Are you ready for an MU audit? Advice from Adventist Health System

Providers attesting to Meaningful Use are required to complete security risk assessments, but many may be falling short, said Sharon Finney during a presentation at the Privacy and Security Forum hosted by the Health Information and Management Systems Society and Healthcare IT News.

What a risk assessment?

“My position on risk assessments is that I don’t do risk assessments; I assess risks,” said Sharon Finney, corporate data security officer for Adventist Health System, a 44-hospital healthcare organization headquartered in Alamonte Springs, Fla. “This is something you do every single day as opposed to just one time. There is no beginning and no end.”

Too many so-called risk assessments are actually just audits, according to Finney. The distinction is an important one. Organizations that take stock annually or biannually of security measures aren’t actually assessing whether those measures will work when it’s crucial that they do. In other words, going from department to department asking whether the latest security software is installed is not enough. “People, processes and technology create risk,” Finney said. Risk can be found in the “breakpoints or joints where they intersect.”

Understanding risk at Adventist required understandingof  the organization’s technical architecture, according to Finney. Shortly after assuming her post, she embarked on an information-gathering mission, sending questionnaires to each department in each facility in language they understood. Next, she engaged departments that “don’t normally engage with security unless there is a problem.” Now there are liaisons at every facility to keep a focus on mitigating risk. Real assessments of risk require “understanding the organization and who you need to engage. It is not something you can do in a silo at all,” she said.

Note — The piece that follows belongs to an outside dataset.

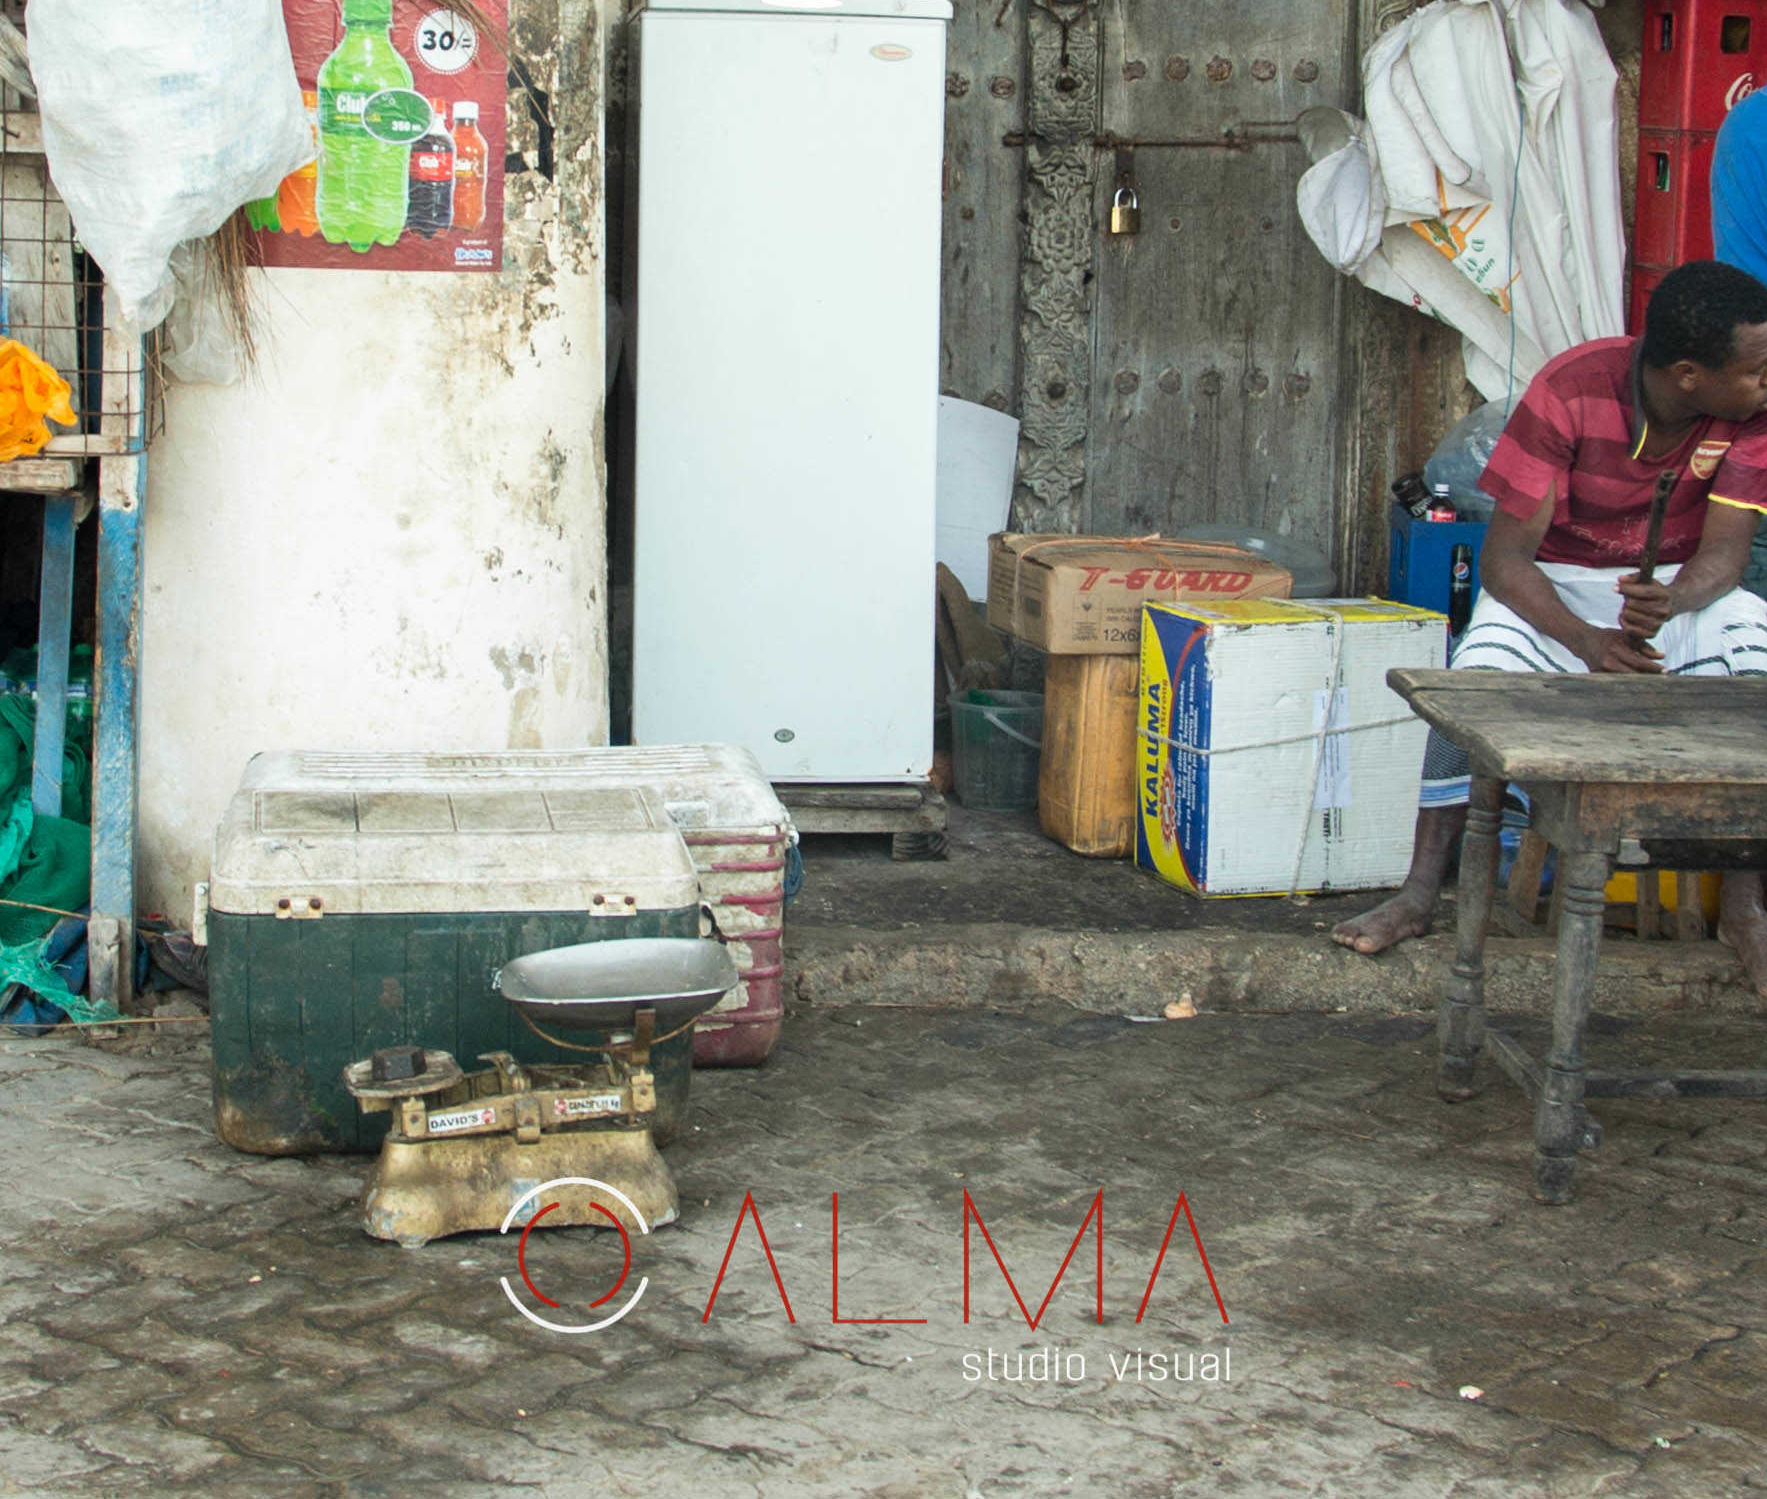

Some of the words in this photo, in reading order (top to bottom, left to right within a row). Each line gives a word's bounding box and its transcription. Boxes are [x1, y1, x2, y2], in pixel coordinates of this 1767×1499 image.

[1079, 566, 1253, 593] T-GUARD
[1145, 682, 1161, 819] KALUMA
[430, 1114, 479, 1129] DAVID'S

Securing leadership’s support

When Finney took the lead on Adventist’s security initiatives, there was an audit-like process for conducting risk assessments and she began communicating to leadership that the process had to change.

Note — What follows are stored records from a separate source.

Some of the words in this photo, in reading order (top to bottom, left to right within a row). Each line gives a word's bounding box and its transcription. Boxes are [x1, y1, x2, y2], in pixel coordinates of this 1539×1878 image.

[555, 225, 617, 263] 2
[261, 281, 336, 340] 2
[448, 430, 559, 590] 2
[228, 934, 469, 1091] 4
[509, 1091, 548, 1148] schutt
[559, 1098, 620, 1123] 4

“It’s hard for people to conceptualize data as an asset,” Finney said. “One of the first things I did was get them to understand how much data we have. I had to find that out. I found out nobody actually knew the answer to the question.”

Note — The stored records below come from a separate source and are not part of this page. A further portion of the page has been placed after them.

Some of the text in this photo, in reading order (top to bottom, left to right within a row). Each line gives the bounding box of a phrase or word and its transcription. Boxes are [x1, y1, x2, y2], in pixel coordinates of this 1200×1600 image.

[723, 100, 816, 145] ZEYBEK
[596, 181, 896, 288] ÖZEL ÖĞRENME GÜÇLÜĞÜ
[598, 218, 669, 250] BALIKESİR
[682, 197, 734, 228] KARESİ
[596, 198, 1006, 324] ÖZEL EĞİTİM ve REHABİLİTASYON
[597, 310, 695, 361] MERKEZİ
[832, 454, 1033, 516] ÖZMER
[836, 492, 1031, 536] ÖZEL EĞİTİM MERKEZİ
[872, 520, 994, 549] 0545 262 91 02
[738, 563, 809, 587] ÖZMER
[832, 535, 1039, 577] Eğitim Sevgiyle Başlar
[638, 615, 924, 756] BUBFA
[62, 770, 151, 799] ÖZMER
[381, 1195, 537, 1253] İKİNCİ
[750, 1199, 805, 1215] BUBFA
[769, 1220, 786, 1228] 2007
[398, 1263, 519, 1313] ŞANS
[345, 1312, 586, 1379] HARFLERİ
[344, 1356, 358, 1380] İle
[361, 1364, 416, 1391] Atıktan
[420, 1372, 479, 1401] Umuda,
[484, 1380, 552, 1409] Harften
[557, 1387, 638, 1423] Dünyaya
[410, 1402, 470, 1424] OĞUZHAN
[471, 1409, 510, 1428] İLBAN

During her information-gathering mission, Finney determined that the organization maintained electronic records on approximately 18.5 million patients. She estimated that, if a breach occurred and all records were compromised, it would cost Adventist $100 per record for a total of $18.5 million. “Those are terms they understand,” she said.

Preparing for an Office for Civil Rights Audit

As part of the Meaningful Use incentive program, the Department of Health and Human Services Office for Civil Rights has been tasked with facilitating audits of providers who have attested to ensure they have met the requirements for receiving incentive payments. One requirement is that they have completed a risk assessment and are paying attention to risk.

Most important for providers expecting a visit from OCR auditors is to provide them with documentation. An anonymous auditor that came to an Adventist facility shared with Finney that some provider organizations had no documentation to support claims of Meaningful Use.

“You have to document what you do,” Finney said. “It’s instrumental that you demonstrate not only that you’ve done a risk assessment, but that you did something about it. They need to know you have a good process and give attention to the privacy and security of patient information.”

As there are plans and processes for natural disasters and downtime, provider organizations should have a plan and process for dealing with security threats. “The key is not to try and scramble,” Finney said. “You’ve got to start the process way before you get that letter. It’s not insignificant time and resources that we put into it.”